Output each record exactly, with nothing omitted.

--- The data Enclosed Below ---

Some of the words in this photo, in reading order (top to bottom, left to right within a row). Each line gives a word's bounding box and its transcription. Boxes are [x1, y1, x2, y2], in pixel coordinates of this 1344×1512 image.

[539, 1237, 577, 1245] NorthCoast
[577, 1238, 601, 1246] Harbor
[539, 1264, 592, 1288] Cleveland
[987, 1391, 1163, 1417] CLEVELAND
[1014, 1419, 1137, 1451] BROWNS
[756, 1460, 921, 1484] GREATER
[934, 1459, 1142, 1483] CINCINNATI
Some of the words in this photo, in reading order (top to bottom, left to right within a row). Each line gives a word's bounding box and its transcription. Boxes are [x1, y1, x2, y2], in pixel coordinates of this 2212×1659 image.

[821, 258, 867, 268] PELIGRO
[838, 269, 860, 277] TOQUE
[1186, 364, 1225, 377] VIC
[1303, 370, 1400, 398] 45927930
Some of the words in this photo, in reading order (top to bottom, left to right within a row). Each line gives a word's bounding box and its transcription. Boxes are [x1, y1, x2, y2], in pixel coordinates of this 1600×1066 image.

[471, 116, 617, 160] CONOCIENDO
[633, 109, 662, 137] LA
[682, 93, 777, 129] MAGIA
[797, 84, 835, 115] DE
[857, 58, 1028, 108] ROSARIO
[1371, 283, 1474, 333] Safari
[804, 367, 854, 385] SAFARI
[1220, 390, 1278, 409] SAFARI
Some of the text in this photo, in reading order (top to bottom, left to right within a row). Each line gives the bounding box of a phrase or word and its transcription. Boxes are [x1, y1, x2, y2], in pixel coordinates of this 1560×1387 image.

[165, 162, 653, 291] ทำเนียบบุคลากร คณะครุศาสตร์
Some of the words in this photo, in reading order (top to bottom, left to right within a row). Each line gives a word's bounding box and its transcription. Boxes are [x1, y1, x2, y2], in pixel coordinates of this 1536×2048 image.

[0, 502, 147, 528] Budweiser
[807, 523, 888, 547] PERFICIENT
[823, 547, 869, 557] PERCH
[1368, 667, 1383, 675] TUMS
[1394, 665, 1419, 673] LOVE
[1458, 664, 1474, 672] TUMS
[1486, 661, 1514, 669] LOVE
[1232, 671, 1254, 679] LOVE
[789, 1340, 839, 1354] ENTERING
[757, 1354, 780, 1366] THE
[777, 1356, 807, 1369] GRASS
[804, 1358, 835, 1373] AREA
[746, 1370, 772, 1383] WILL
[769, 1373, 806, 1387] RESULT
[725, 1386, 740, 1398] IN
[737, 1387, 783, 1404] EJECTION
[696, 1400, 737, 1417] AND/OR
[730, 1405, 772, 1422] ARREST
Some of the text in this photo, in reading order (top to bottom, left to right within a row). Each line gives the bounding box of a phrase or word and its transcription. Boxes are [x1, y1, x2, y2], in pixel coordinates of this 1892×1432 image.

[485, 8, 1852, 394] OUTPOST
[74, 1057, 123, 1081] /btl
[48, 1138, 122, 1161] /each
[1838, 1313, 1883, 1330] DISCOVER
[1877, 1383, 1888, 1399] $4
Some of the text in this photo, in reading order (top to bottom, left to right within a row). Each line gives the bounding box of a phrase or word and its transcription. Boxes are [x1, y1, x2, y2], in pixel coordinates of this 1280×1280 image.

--- End of Enclosed The data ---

— Exercise response —
Some of the words in this photo, in reading order (top to bottom, left to right within a row). Each line gives a word's bounding box and its transcription. Boxes are [x1, y1, x2, y2], in pixel coordinates of this 1344×1512 image.

[539, 1237, 577, 1245] NorthCoast
[577, 1238, 601, 1246] Harbor
[539, 1264, 592, 1288] Cleveland
[987, 1391, 1163, 1417] CLEVELAND
[1014, 1419, 1137, 1451] BROWNS
[756, 1460, 921, 1484] GREATER
[934, 1459, 1142, 1483] CINCINNATI
Some of the words in this photo, in reading order (top to bottom, left to right within a row). Each line gives a word's bounding box and its transcription. Boxes are [x1, y1, x2, y2], in pixel coordinates of this 2212×1659 image.

[821, 258, 867, 268] PELIGRO
[838, 269, 860, 277] TOQUE
[1186, 364, 1225, 377] VIC
[1303, 370, 1400, 398] 45927930
Some of the words in this photo, in reading order (top to bottom, left to right within a row). Each line gives a word's bounding box and its transcription. Boxes are [x1, y1, x2, y2], in pixel coordinates of this 1600×1066 image.

[471, 116, 617, 160] CONOCIENDO
[633, 109, 662, 137] LA
[682, 93, 777, 129] MAGIA
[797, 84, 835, 115] DE
[857, 58, 1028, 108] ROSARIO
[1371, 283, 1474, 333] Safari
[804, 367, 854, 385] SAFARI
[1220, 390, 1278, 409] SAFARI
Some of the text in this photo, in reading order (top to bottom, left to right within a row). Each line gives the bounding box of a phrase or word and its transcription. Boxes are [x1, y1, x2, y2], in pixel coordinates of this 1560×1387 image.

[165, 162, 653, 291] ทำเนียบบุคลากร คณะครุศาสตร์
Some of the words in this photo, in reading order (top to bottom, left to right within a row). Each line gives a word's bounding box and its transcription. Boxes are [x1, y1, x2, y2], in pixel coordinates of this 1536×2048 image.

[0, 502, 147, 528] Budweiser
[807, 523, 888, 547] PERFICIENT
[823, 547, 869, 557] PERCH
[1368, 667, 1383, 675] TUMS
[1394, 665, 1419, 673] LOVE
[1458, 664, 1474, 672] TUMS
[1486, 661, 1514, 669] LOVE
[1232, 671, 1254, 679] LOVE
[789, 1340, 839, 1354] ENTERING
[757, 1354, 780, 1366] THE
[777, 1356, 807, 1369] GRASS
[804, 1358, 835, 1373] AREA
[746, 1370, 772, 1383] WILL
[769, 1373, 806, 1387] RESULT
[725, 1386, 740, 1398] IN
[737, 1387, 783, 1404] EJECTION
[696, 1400, 737, 1417] AND/OR
[730, 1405, 772, 1422] ARREST
Some of the text in this photo, in reading order (top to bottom, left to right within a row). Each line gives the bounding box of a phrase or word and its transcription. Boxes are [x1, y1, x2, y2], in pixel coordinates of this 1892×1432 image.

[485, 8, 1852, 394] OUTPOST
[74, 1057, 123, 1081] /btl
[48, 1138, 122, 1161] /each
[1838, 1313, 1883, 1330] DISCOVER
[1877, 1383, 1888, 1399] $4
Some of the text in this photo, in reading order (top to bottom, left to right within a row). Each line gives the bounding box of a phrase or word and its transcription. Boxes are [x1, y1, x2, y2], in pixel coordinates of this 1280×1280 image.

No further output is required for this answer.